People are getting caught up on the issue of a blackbody vs whitebody. They will both emit light from the 'blackbody' process based on temperature, not color. Remember that the terms 'blackbody' and 'whitebody' are tied to thepractical experimental side that led to the fundamental measurements.. All objects will have both blackbody (emittive) and whitebody (reflective/scattering) behavior in different proportions. Perhaps I was not careful enough in setting that up in my earlier post. In the end, the albedo differences some pointed out are tied to the reflective/scattering behavior generally 'drowns' out and blackbody components. So I are that a low albedo is preferable for a 'spy' satellite (and the sort), but that has to be balanced against the light absorption heating.

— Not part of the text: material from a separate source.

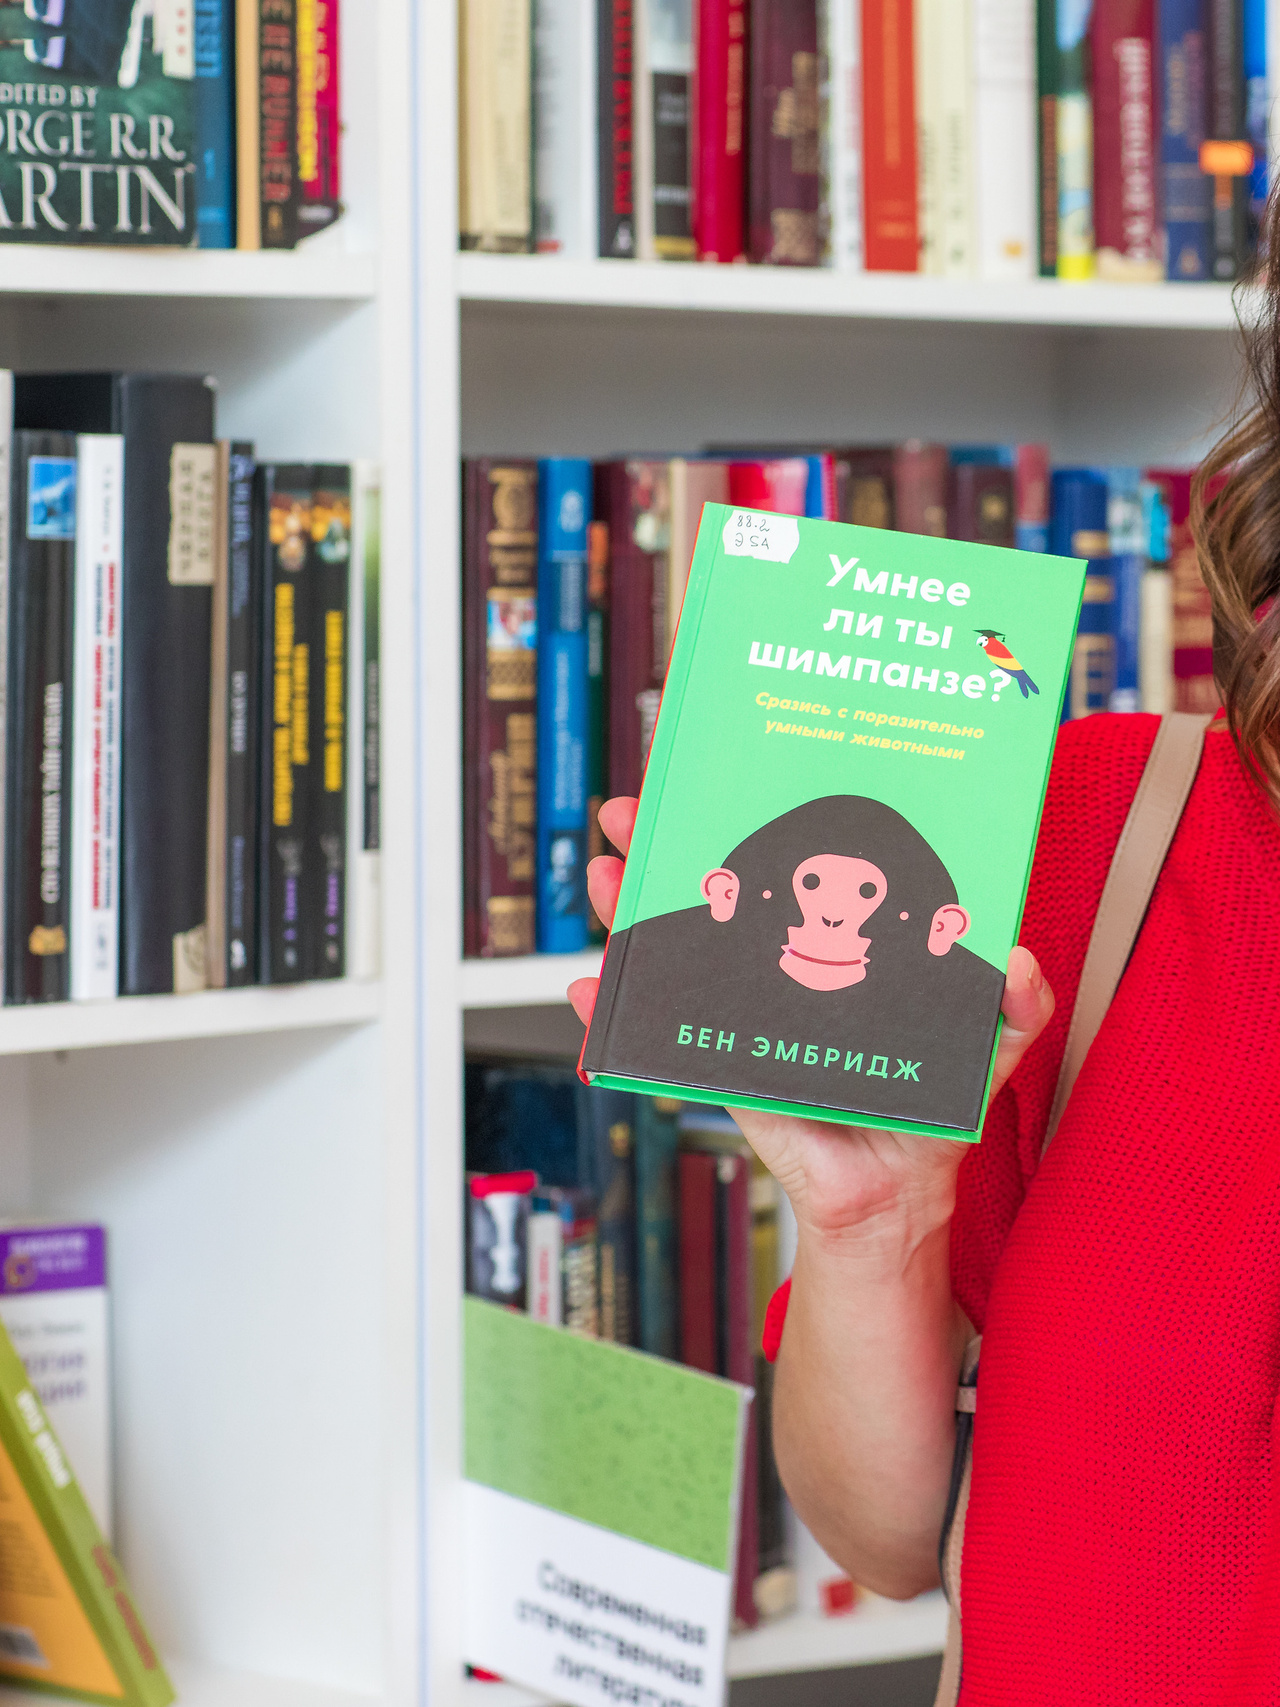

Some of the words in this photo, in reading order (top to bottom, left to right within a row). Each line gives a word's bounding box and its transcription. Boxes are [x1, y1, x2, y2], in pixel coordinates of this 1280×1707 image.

So, the discussion is a tangent from the original point - the whatever-paint-body will lose a small amount of thermal energy by emission of a photon. This process will likely be slower than the rate of absorbed photons in all cases I can imagine for an orbiting body (unless perhaps it's parked in the shadow of a planetary body - then we'd need numbers for Mie scattered light around the planet, etc. But now we're really running afield.) So:
energy out - independent of paint color
energy in - minimized for low absorptivities (i.e. white or reflective)
So, if you're minimizing solar heating for an orbiting body, black is a poor choice. When you begin balancing this against detectability, you have a more multivariate problem. But even there, I would aim for a high reflectivity approach that is directional, and directed away from potential observers. Or (in the ideal world where we do not live) for 100% efficiency solar panels (in the realistic world, perhaps a transformation of the light into something mostly other than heat can still thread the needle. Again, tangential.)
For my money, I'm going for a surface that's highly reflective but highly directional, and I'd pont is somewhere I never expected an observer. Better yet, I'd have an umbrella (black) set up in that direction in case an observer ever was there. And, while I'm wish listing, I'll put that high efficiency solar converter at this point, to further mask the 'beam' reflected and turn it into useful power, that doesn't heat the real satellite (so we want a tether with minimal heat transfer.)
(Merry Christmas all, the outline for a DARPA grant - if it hasn't already been done.)